Xuyang Liu (刘旭洋)
🌈 I am a second-year Master’s student at Sichuan University, supervised by Prof. Honggang Chen. I am working as a research intern at Ant Security Lab, part of Ant Group, focusing on GUI Agent. Previously, I completed an 8-month internship at Taobao & Tmall Group, part of Alibaba Group, working on Efficient MLLM. I’ve also spent half a year visiting MiLAB at Westlake University, supervised by Prof. Donglin Wang. I am very glad to be supervised and collaborated with Dr. Siteng Huang from DAMO Academy and Asst. Prof. Linfeng Zhang from SJTU.

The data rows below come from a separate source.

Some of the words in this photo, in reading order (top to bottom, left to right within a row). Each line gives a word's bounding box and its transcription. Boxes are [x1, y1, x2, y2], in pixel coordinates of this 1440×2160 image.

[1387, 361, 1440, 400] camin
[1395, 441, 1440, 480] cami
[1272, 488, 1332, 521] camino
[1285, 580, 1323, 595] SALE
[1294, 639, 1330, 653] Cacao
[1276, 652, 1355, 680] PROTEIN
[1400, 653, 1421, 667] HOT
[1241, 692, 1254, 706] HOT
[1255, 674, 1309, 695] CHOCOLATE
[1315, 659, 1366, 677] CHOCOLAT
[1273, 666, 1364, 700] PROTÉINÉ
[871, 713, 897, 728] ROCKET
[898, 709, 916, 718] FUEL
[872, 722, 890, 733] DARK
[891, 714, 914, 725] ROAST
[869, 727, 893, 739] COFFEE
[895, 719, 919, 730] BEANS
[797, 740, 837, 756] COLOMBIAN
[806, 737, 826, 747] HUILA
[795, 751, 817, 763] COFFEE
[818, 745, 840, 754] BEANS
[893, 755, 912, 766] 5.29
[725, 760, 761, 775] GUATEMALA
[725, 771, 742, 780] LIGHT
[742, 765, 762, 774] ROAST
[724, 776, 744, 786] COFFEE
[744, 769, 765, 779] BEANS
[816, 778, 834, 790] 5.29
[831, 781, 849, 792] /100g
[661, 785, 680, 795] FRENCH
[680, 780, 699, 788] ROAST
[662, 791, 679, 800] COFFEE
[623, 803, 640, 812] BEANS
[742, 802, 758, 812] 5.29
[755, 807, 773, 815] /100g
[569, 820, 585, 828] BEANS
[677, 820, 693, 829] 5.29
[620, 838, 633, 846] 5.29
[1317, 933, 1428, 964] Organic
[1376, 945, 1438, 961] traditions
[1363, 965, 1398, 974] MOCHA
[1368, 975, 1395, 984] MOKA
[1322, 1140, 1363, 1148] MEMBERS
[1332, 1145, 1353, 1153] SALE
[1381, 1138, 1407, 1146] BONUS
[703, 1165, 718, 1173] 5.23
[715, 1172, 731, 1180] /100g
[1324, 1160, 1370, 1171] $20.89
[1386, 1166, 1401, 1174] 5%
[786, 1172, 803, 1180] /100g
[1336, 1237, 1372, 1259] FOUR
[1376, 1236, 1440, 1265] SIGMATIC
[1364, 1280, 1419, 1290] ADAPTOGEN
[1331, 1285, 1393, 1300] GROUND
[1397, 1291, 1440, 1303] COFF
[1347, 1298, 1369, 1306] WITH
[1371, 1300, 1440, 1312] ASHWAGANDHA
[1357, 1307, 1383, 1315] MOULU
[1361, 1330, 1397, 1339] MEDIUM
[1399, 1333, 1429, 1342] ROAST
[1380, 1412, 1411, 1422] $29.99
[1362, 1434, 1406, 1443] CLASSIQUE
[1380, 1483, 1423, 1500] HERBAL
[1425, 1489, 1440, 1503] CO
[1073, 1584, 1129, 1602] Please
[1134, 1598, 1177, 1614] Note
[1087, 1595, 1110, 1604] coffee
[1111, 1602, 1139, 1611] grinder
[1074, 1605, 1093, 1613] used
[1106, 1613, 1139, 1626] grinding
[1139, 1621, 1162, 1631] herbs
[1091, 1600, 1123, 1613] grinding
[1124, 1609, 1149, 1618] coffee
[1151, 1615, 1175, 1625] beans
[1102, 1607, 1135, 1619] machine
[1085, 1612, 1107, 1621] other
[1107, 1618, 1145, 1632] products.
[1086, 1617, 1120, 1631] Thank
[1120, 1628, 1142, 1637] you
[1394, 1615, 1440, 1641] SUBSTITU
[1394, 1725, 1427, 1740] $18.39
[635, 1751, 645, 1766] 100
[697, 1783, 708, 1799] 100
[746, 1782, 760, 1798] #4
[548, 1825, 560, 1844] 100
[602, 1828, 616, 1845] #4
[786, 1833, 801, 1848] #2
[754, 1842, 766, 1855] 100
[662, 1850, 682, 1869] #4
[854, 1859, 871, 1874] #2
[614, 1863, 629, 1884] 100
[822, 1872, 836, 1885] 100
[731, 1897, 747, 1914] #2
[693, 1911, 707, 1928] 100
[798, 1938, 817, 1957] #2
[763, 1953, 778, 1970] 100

📌 My research interests span Efficient Vision-Language Models, including:
- Efficient Inference: VidCom2, GlobalCom2, FiCoCo, ToCa, Dense-Tuning
- Efficient Training: M2IST, V-PETL Bench, DARA, Dense-Tuning, AutoGnothi
📢 Recently, I am mainly focusing on Token-level Model Compression. Feel free to reach out to me via Email liuxuyang@stu.scu.edu.cn
, if you are interested in collaborating with me. 🙋 I’m actively seeking Ph.D. position in 2026 Fall!
🔥 News
- 2025.05.27 🙌🙌 We release a new paper, pointing to shifting AI efficiency from model-centric to data-centric compression. Project is available! Our paper is honored to be the #2 Paper of the day!
- 2025.05.21 🤗🤗 We release VidCom2, a plug-and-play inference acceleration method of VideoLLMs. Code is available!
- 2025.04.07: ⛵⛵ I begin my research internship at Ant Security Lab at Ant Group in Hangzhou, focusing on multi-modal graphical user interface (GUI) agents.
- 2025.03.11 🎊🎊 One first author paper (M2IST) about parameter-, memory-, and time-efficient fine-tuning for referring expression comprehension has been accepted by IEEE Transactions on Circuits and Systems for Video Technology (TCSVT)!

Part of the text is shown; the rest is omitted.